(GIVEN RECORDS):

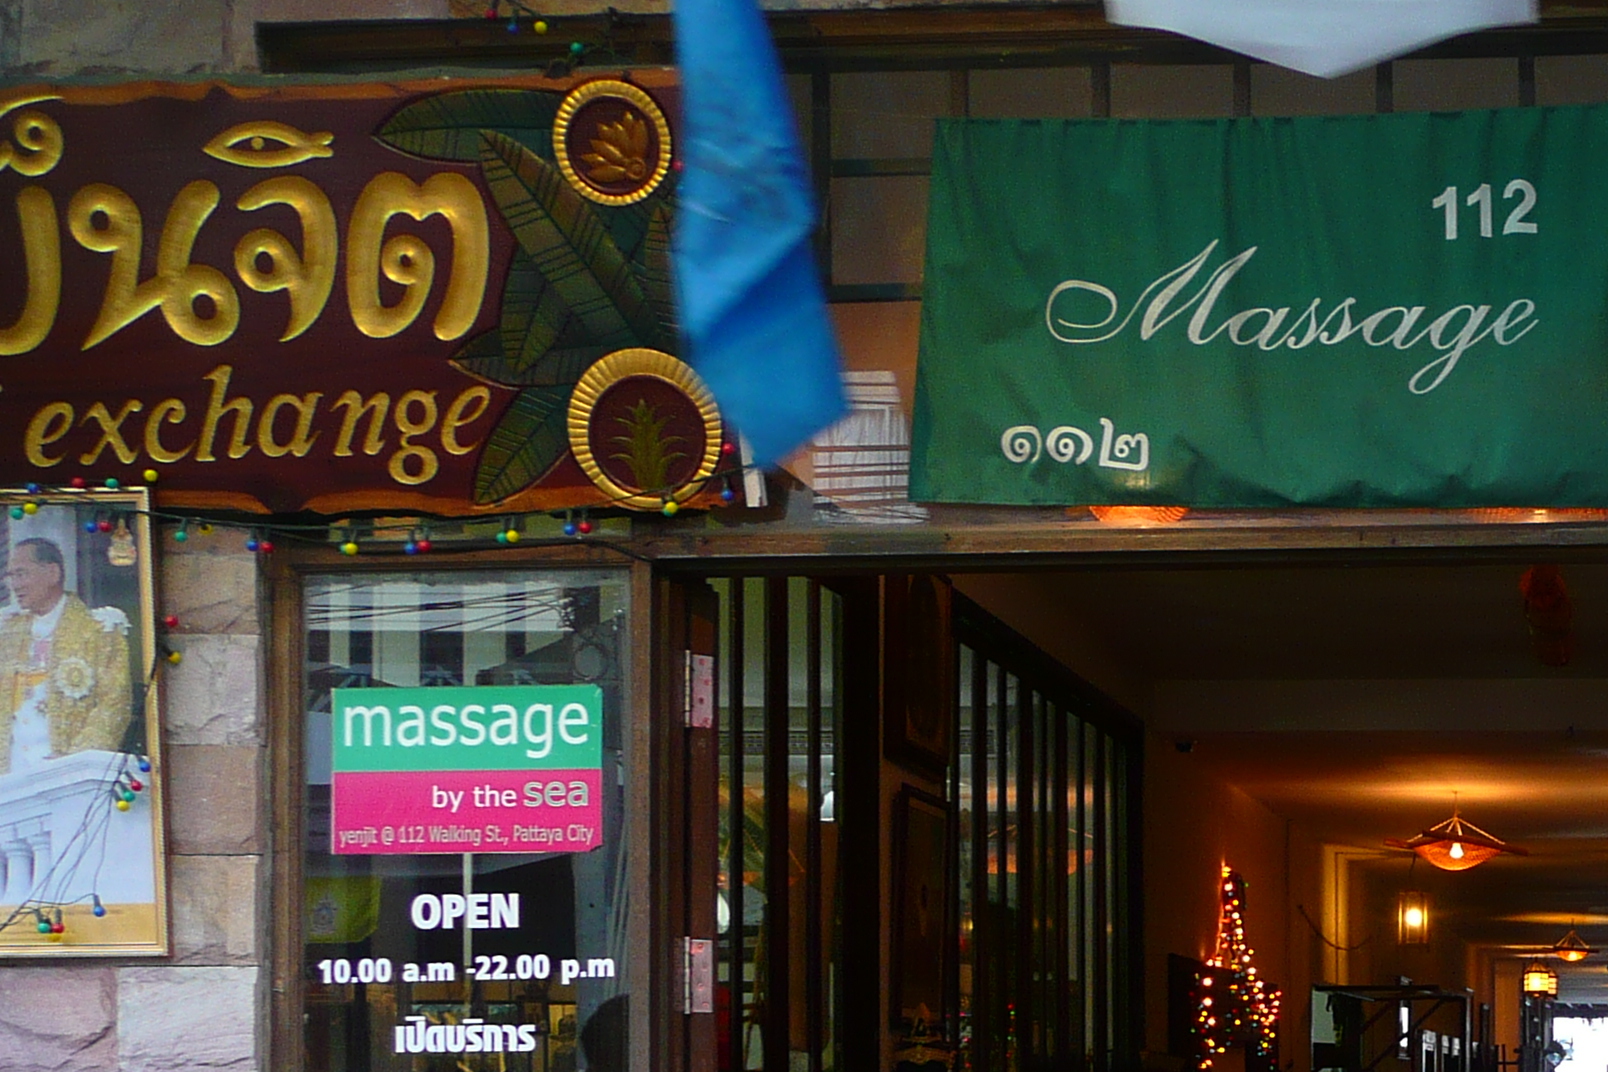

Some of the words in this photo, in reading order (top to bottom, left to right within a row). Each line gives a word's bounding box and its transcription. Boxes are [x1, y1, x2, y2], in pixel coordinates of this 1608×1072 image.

[1432, 178, 1538, 241] 112
[1045, 238, 1539, 395] Massage
[24, 365, 491, 486] exchange
[1001, 417, 1150, 472] ๑๑๒
[342, 701, 589, 758] massage
[431, 784, 464, 813] by
[473, 784, 518, 808] the
[522, 779, 589, 808] sea
[339, 826, 378, 847] yenjit
[381, 826, 395, 845] @
[398, 826, 425, 843] 112
[428, 824, 482, 846] Walking
[513, 824, 563, 846] Pattaya
[566, 824, 594, 845] City
[411, 893, 520, 930] OPEN
[317, 957, 392, 984] 10.00
[402, 959, 455, 982] a.m
[561, 956, 615, 985] p.m
[394, 1015, 537, 1054] เปิดบริการ

(AIM OF THE TASK): Pictures must be left out when the records are transcribed exactly.

(RESULT FOR THIS EXERCISE):
Some of the words in this photo, in reading order (top to bottom, left to right within a row). Each line gives a word's bounding box and its transcription. Boxes are [x1, y1, x2, y2], in pixel coordinates of this 1608×1072 image.

[1432, 178, 1538, 241] 112
[1045, 238, 1539, 395] Massage
[24, 365, 491, 486] exchange
[1001, 417, 1150, 472] ๑๑๒
[342, 701, 589, 758] massage
[431, 784, 464, 813] by
[473, 784, 518, 808] the
[522, 779, 589, 808] sea
[339, 826, 378, 847] yenjit
[381, 826, 395, 845] @
[398, 826, 425, 843] 112
[428, 824, 482, 846] Walking
[513, 824, 563, 846] Pattaya
[566, 824, 594, 845] City
[411, 893, 520, 930] OPEN
[317, 957, 392, 984] 10.00
[402, 959, 455, 982] a.m
[561, 956, 615, 985] p.m
[394, 1015, 537, 1054] เปิดบริการ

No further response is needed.